JFL's other comedians are uneasier about the gender divide. Brisbane's award-winning Mel Buttle is an all-rounder in Australian comedy: she's done radio, TV, newspaper and magazine columns, blogs and podcasts. Buttle - who early on wrote for Josh Thomas' sitcom Please Like Me - has lately been co-hosting The Great Australian Bake Off alongside Claire Hooper. Then, in the lead-up to Christmas, she has lucrative corporate stand-up gigs, which can mean entertaining "a room full of engineers". Yet Buttle rarely has problems with a (chauvinist) heckle culture. "Sometimes it's women on hens' night," she laughs. "They don't heckle, but they just wanna be involved." Regardless, Buttle's motto with audiences is to keep calm and carry on - with jokes. "If you just come out strong, and do a really strong opening joke, you'll be fine," she notes. "But sometimes I do get the sense [that], if you don't hit them in the eye straight away as a woman on stage, maybe you'll have your work cut out for you."

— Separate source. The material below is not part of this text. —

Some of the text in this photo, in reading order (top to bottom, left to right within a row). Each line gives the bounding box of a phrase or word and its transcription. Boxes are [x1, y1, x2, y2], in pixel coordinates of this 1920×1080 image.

"If you point that out to producers, you're an angry feminist and therefore you're causing a bit of a scene."

However, Buttle maintains that female comedians are "blocked out" in specific scenarios. "Two women can't host breakfast radio - there's this unwritten rule that it's two men and a woman. So you get this sense that, if you're a female, you're kind of fighting for only one spot." The imbalance reoccurs on TV panels. Male comedians' careers are more likely to be fast-tracked in such arenas. But, says Buttle, "No one ever discusses it." "You're sort of trapped - if you point that out to producers, you're an angry feminist and therefore you're causing a bit of a scene."

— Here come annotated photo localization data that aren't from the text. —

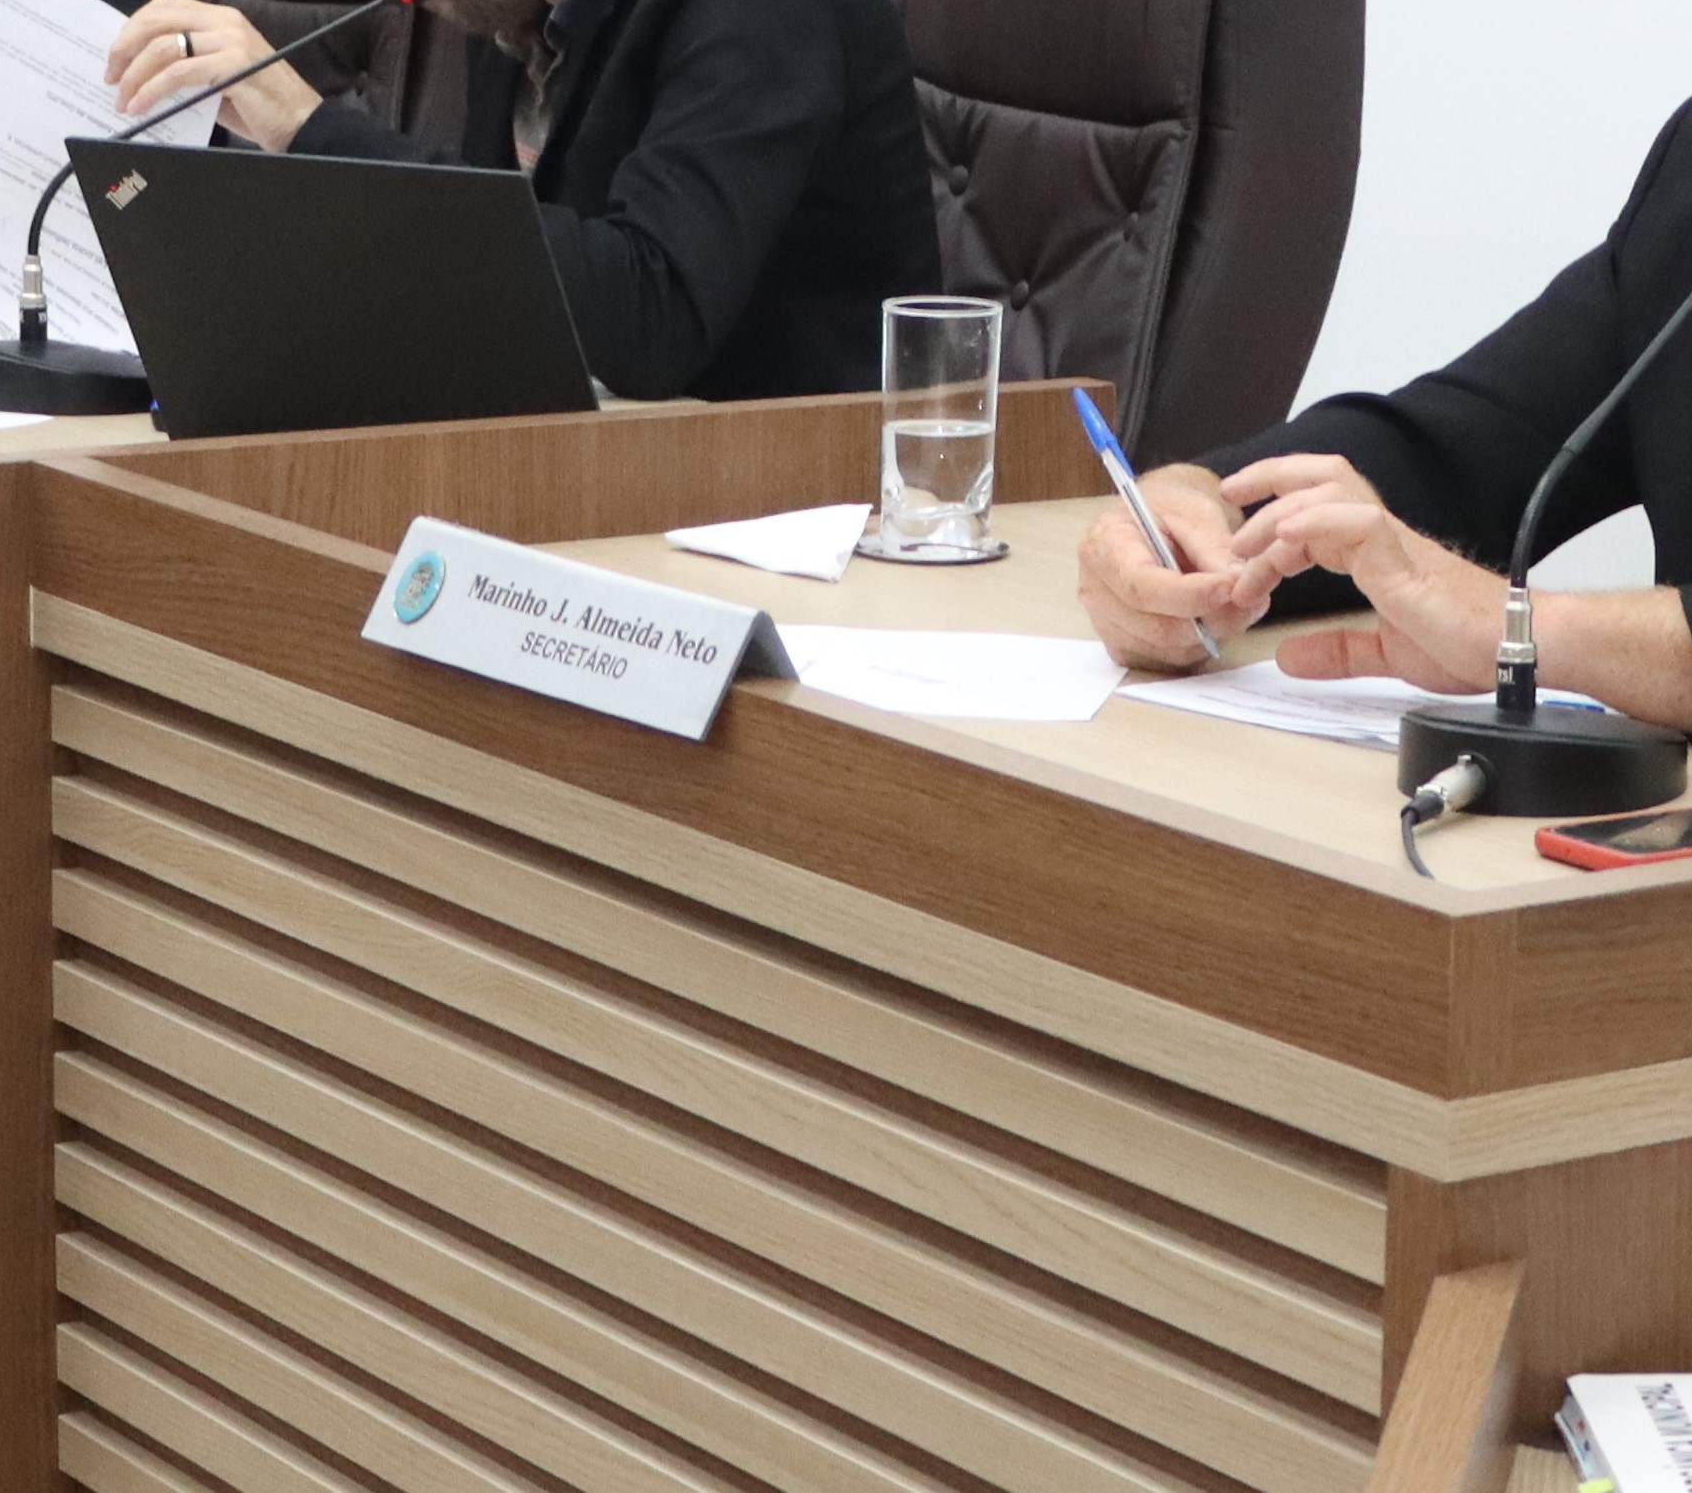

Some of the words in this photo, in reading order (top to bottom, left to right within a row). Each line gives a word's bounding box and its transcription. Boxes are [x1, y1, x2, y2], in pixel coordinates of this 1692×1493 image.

[105, 169, 148, 210] ThinkPad
[467, 573, 548, 617] Marinho
[550, 599, 569, 625] J.
[576, 605, 664, 650] Almeida
[667, 628, 719, 665] Neto
[520, 630, 628, 680] SECRETÁRIO

Melbourne's Anne Edmonds, who this year toured behind You Know What I'm Like!, is perceived as a 'newcomer' - although she broke through in 2010 as a national finalist in the RAW Comedy competition and has performed at Edinburgh Festival Fringe. "I think 'newcomer' is appropriate, still," Edmonds demurs, "because comedy just takes so long to get good at (laughs) - like Louis CK, for example, has been doing it for 20 years in America. It can take a long time." Edmonds, a former country muso, came into comedy in her late 20s. While living in Darwin, she threw herself into sketches with the ABC's online Tough At The Top - Edmonds' 2008 mockumentary video Raylene The Racist "went viral". On returning to Melbourne, she began stand-up. These days Edmonds features characters in her shows, but also plucks her trademark banjo. Edmonds may have an affinity with the outback, but she deems remote audiences "tough". "In the comedy scene, the comics at my level who started out with me, I don't find any division between me and them. I don't find that [sexist] attitude coming from them - which is a good sign. It hopefully means that this next generation isn't thinking that way. But I still find when you go out on regional tours, [the audiences are] tougher - you're often the only female act. It still can be quite tough out there for them to accept you." Like Buttle, Edmonds has acted in It's A Date. "I'm developing something at the moment for TV - so I'm working flat out on that!"